What do you think is another important challenge in the field of implementation?

Pauline Goense

Albers: “Let me begin with achievements. Since we held the first Global Implementation Conference in Washington in 2011 a lot has happened. Back then, the conference content could still very much focus on interventions = “the what”, with implementation being “the extra ingredient”. That has totally changed. Now, ten years later, we hold a true implementation event, where implementation = “the how” is the focus and interventions less important.  Implementation has developed, it is a distinct discipline with its own body of knowledge, its own set of outcomes etc. The challenge now is to continue this work and become more sophisticated while also being relevant. I think a good session for people interested in these questions is the one about “Current Frontiers in Implementation Science”. That’s where presenters will be digging deeper into implementation strategy design, de-implementation, the role of context and  measurement.”

Goense: “I would add here: We have to be careful not to create our own implementation problem.
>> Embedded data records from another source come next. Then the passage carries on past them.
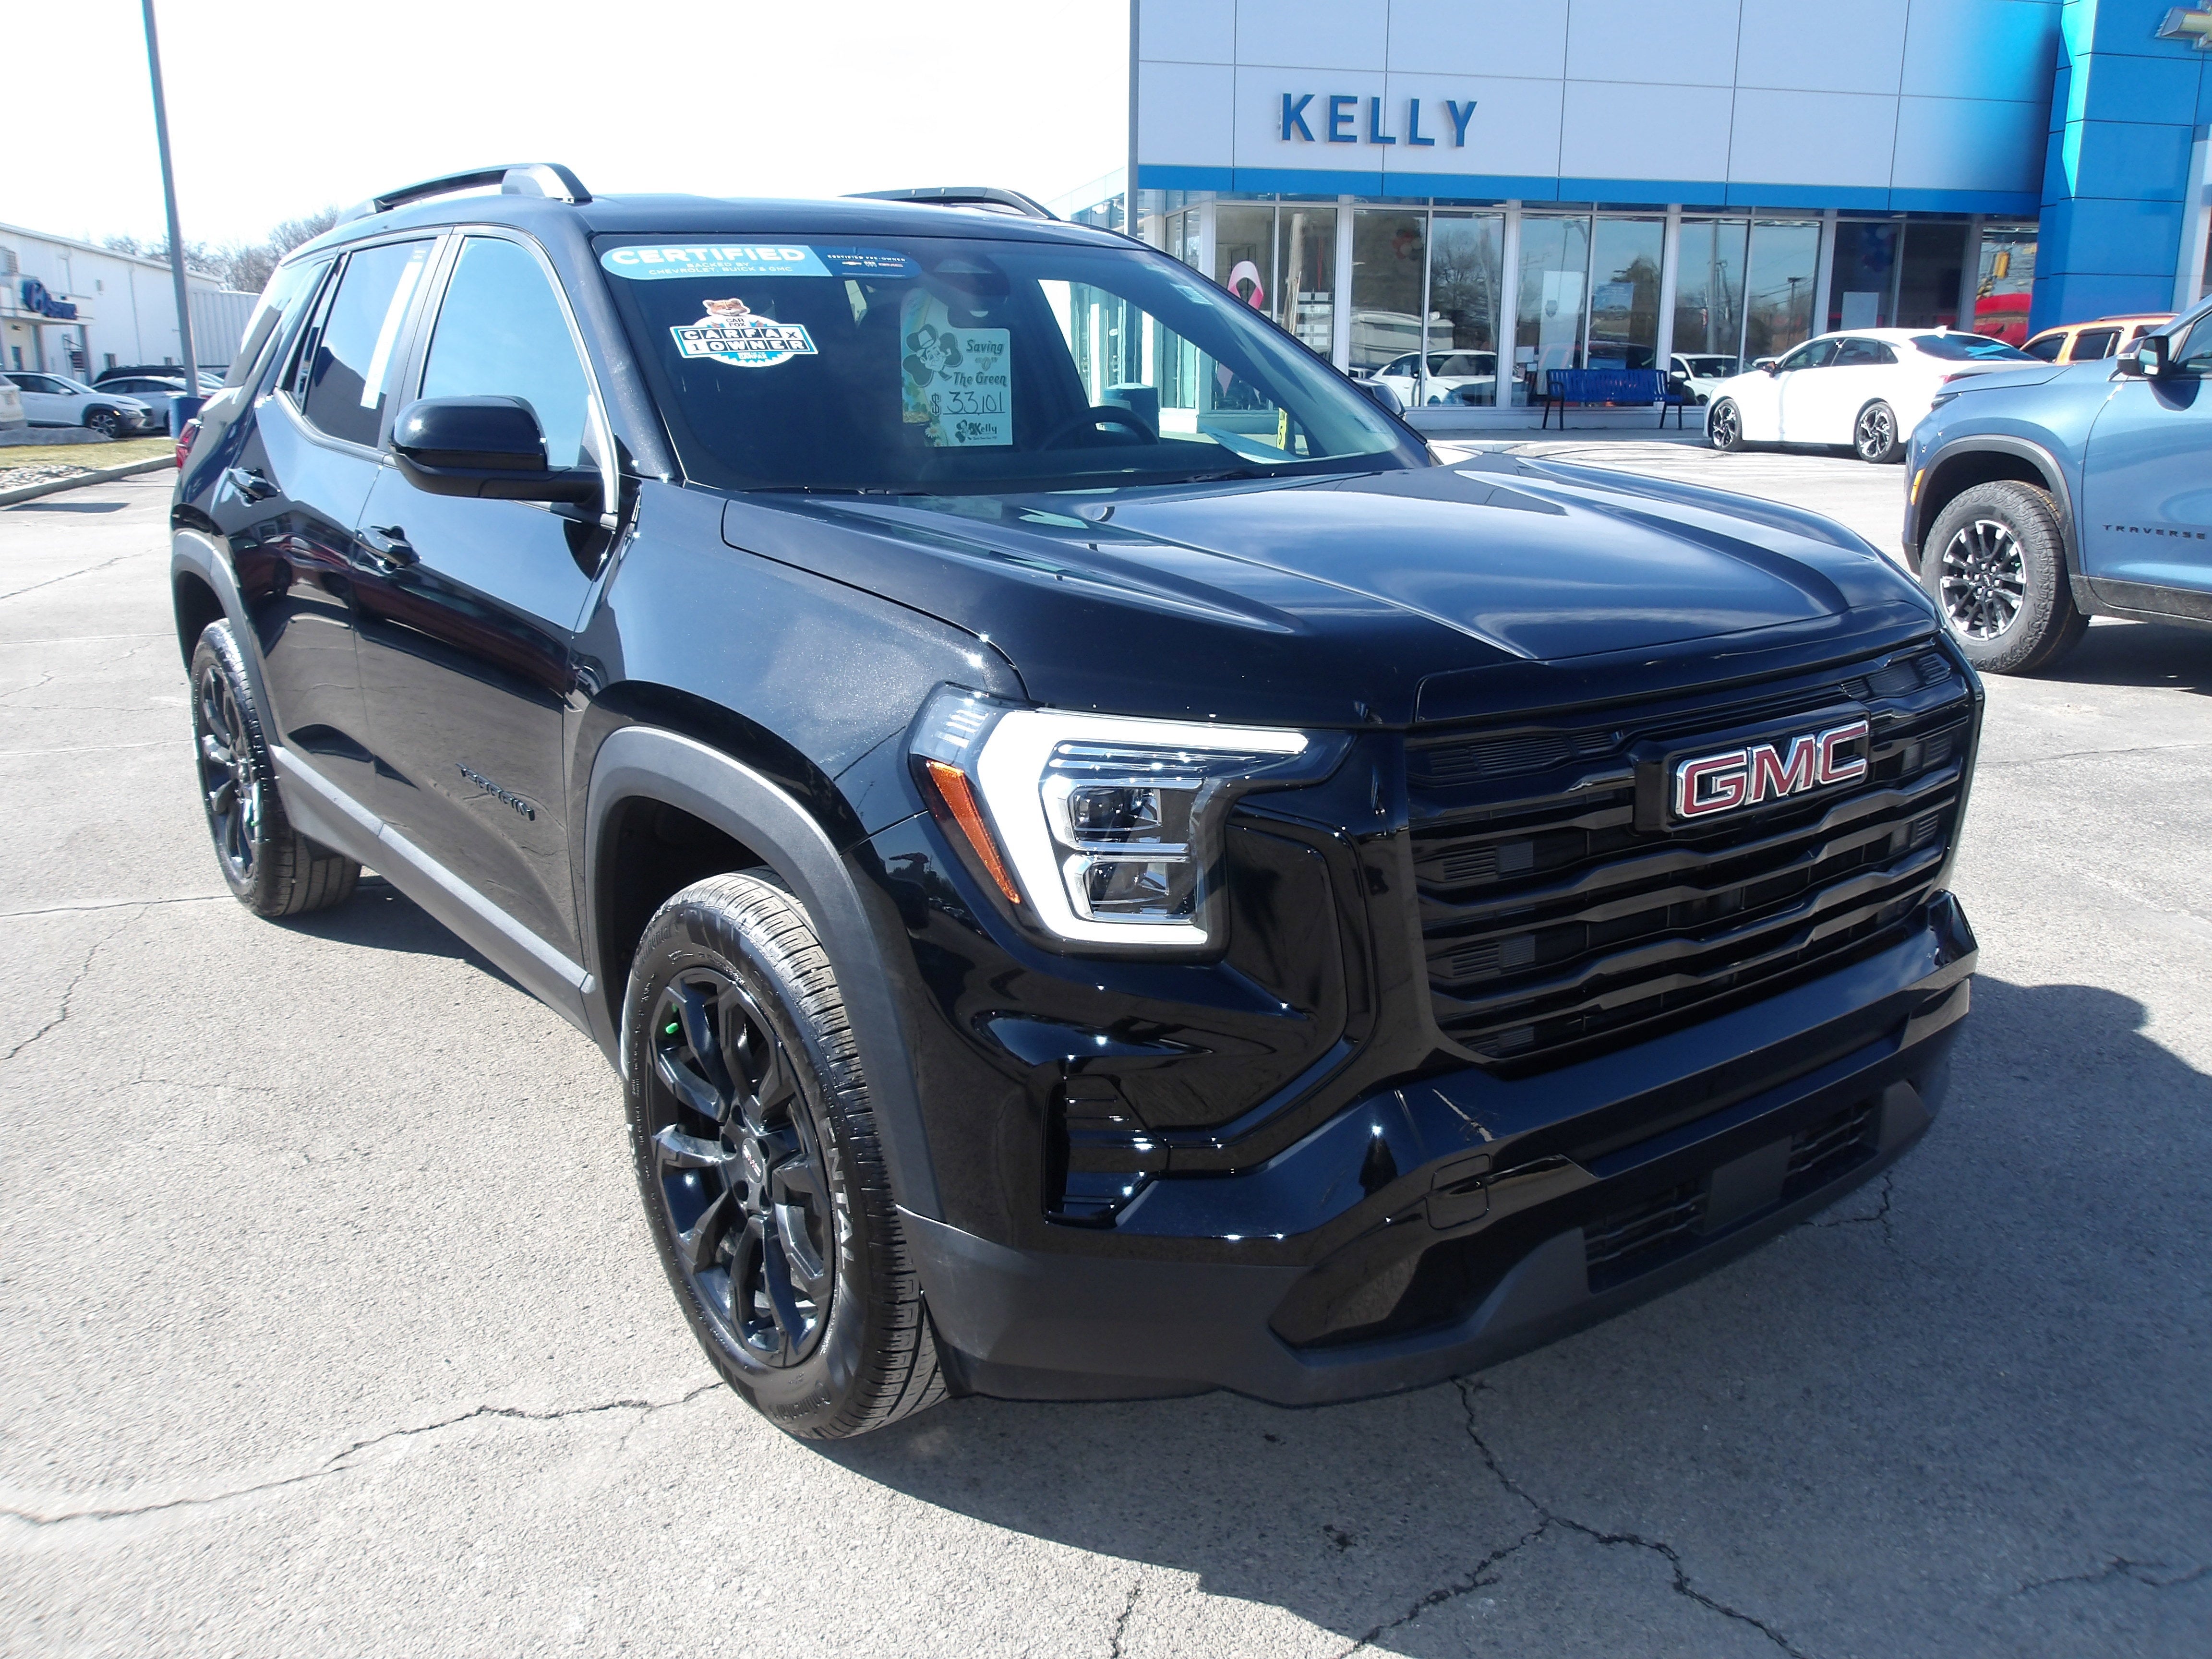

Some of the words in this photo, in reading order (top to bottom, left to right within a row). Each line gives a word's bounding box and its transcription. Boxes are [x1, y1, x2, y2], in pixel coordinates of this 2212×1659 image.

[1281, 93, 1478, 147] KELLY
[611, 247, 805, 265] CERTIFIED
[683, 328, 797, 340] CARFAX
[691, 343, 703, 351] 1
[709, 340, 805, 352] OWNER
[966, 339, 1004, 355] Saving
[953, 372, 974, 387] The
[975, 371, 1008, 387] Green
[2103, 524, 2206, 540] TRAVERSE
[1675, 720, 1869, 818] GMC
That is also a challenge. To develop effective strategies to stimulate the use of implementation knowledge and to reconcile the more fast paced dynamics that characterize practice with the more reflective pace of science.”
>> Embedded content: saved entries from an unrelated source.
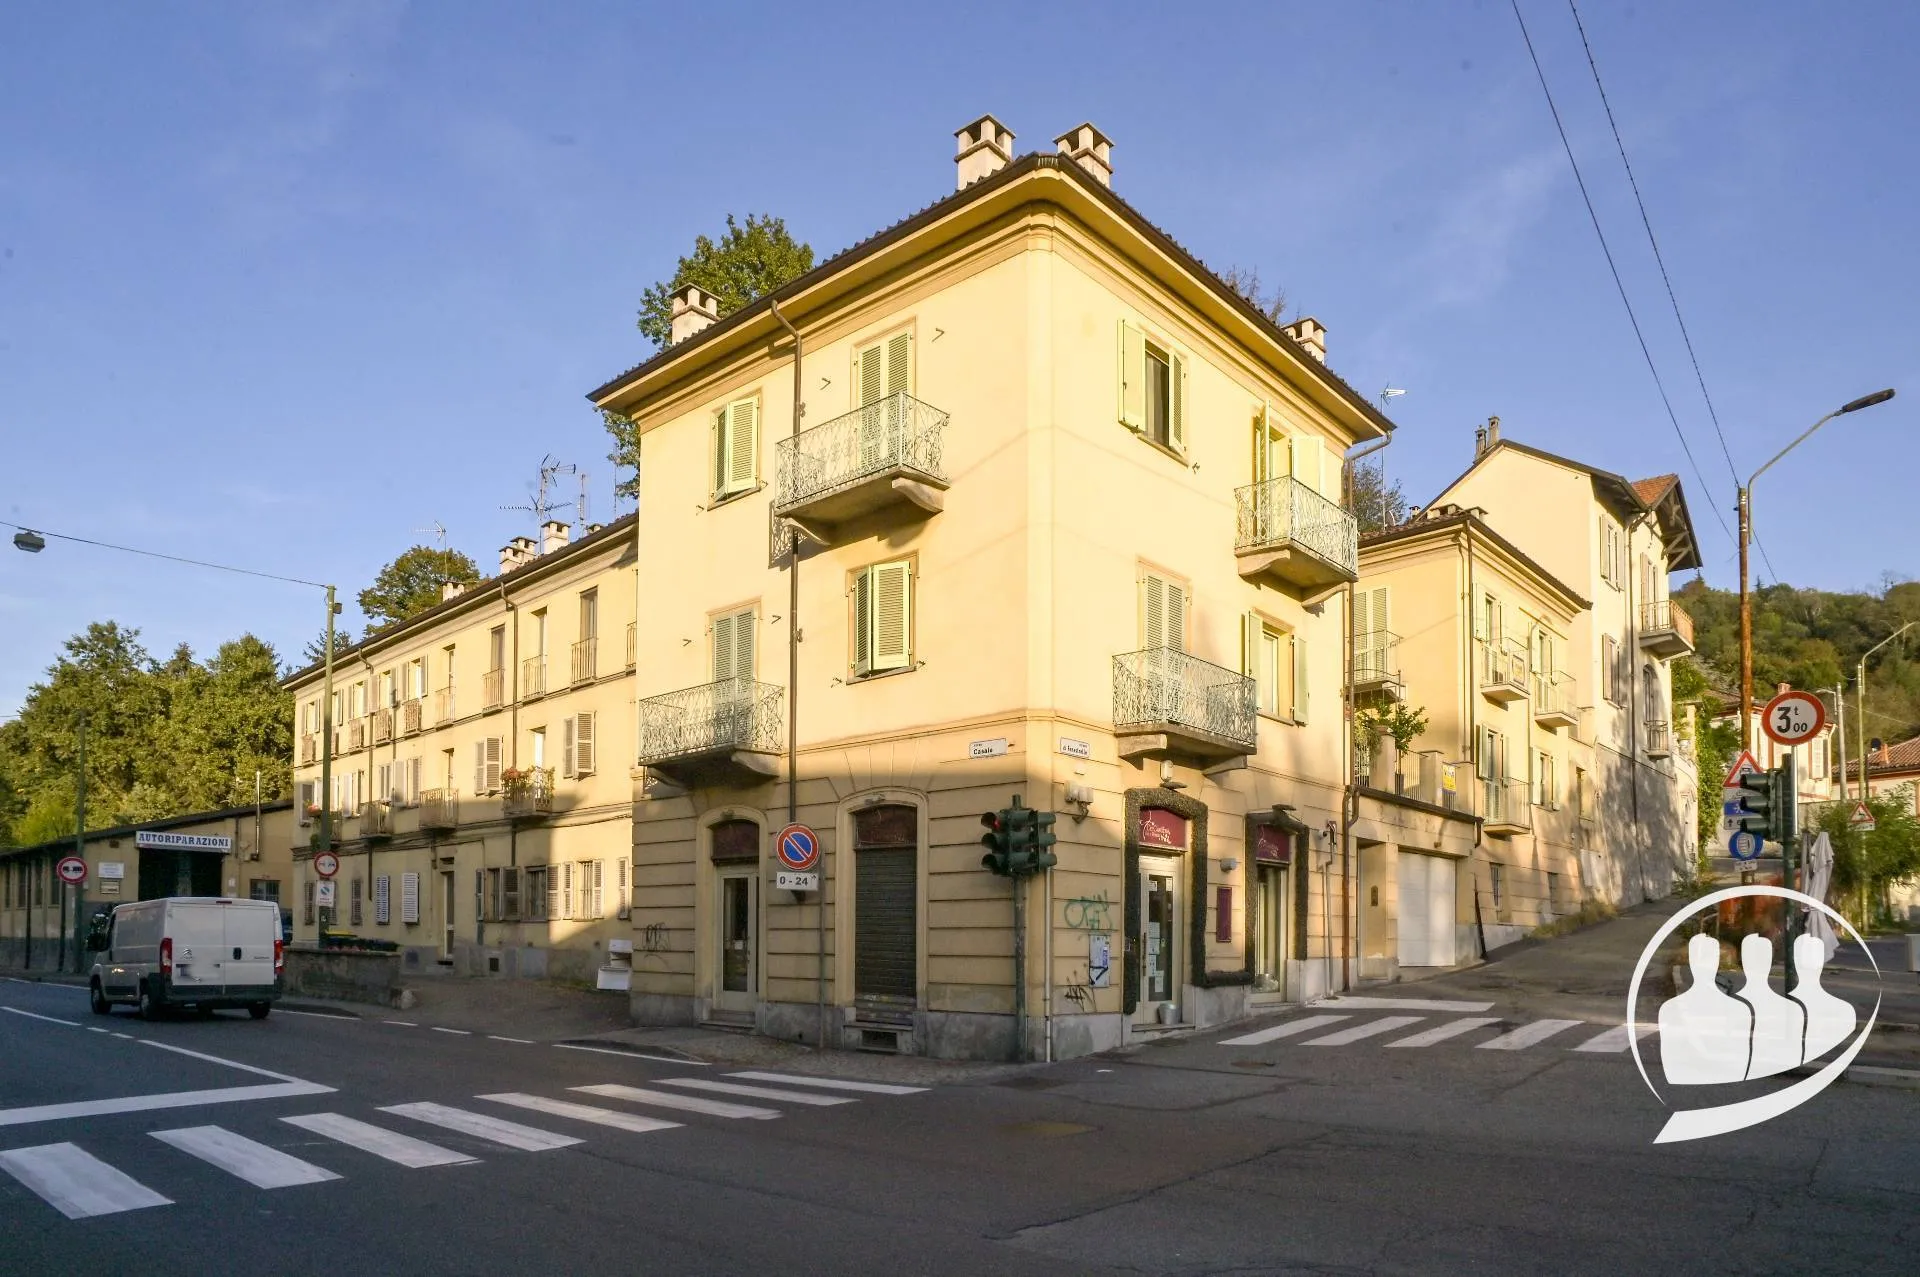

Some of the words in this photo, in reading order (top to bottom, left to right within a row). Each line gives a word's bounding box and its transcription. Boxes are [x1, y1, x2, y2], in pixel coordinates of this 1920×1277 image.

[1794, 705, 1800, 715] t
[1777, 706, 1791, 733] 3
[1793, 722, 1808, 733] 00
[973, 747, 993, 755] Casale
[138, 832, 229, 847] AUTORIPARAZIONI
[779, 875, 786, 885] 0
[795, 876, 809, 886] 24
Can you name some other EIE highlights that you are looking forward to?

Albers: “I am very happy about our activities for ‘early career’ participants – young implementation professionals active in either science or practice. We want them to meet each other and have invited them to apply for a special early career keynote spot. We are reviewing applications at the moment, and it is terrific to see that there are many more implementation PhDs in Europe than in the past. And of course, also more implementation science post-docs and professors.”
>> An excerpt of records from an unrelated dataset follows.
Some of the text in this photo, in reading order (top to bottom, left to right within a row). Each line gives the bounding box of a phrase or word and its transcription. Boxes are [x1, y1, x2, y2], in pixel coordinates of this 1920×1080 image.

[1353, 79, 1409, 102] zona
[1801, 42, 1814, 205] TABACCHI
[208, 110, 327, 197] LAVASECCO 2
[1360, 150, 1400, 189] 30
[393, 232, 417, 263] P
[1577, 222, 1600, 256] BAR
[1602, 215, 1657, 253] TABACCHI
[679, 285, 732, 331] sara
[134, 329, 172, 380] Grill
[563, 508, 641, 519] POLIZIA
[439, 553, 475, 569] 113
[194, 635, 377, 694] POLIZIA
Goense: “I also think we have chosen terrific keynote speakers: Jet Bussemaker is of course an asset! Her combination of experience – from a political career and now a scientific career is unique, and we look forward to her contribution. Erik Gerritsen, the Secretary General of the Dutch Ministry of Health, Welfare and Sport , is also interesting, especially for Dutch attendees, because he really wants to “implement implementation” in our country. Then there is Paul Iske and his quite innovative message to learn from failure, which is extremely important for all implementation professionals.”

Albers: “I would add David Chambers to this. He is definitely a “beacon of light” in implementation science, and has taught us many things – among others a more dynamic understanding of how to deal with constant change in implementation – so his keynote I am looking very much forward to.”

Bianca Albers and Pauline Goense invite anyone with an interest in implementation theory, research and practice to participate in the EIE2021 on 27 and 28 May. The full program can be viewed at https://implementation.eu/european-implementation-event-2020.


Bianca Albers works as Associate Director at the Center for Evidence and Implementation, an international intermediary organization with offices in the UK, Australia and Singapore. CEI works with researchers, policymakers, and leaders of organizations and foundations worldwide to enhance the implementation of evidence in practice and policy and improve programs and services in social welfare to achieve positive outcomes for children, families and communities. Bianca is a co-founder and past Chair of the European Implementation Collaborative (EIC).

Pauline Goense is staff member Implementation at the Netherlands Organization for Health Research and Development (ZonMw), the Dutch health research funder, with a longstanding tradition for promoting implementation of research findings into policy and practice. She  was an EIC board member from 2015-2020.

As members of the European Implementation Event (EIE) 2021 management committee, Pauline and Bianca have helped to prepare the event since 2018.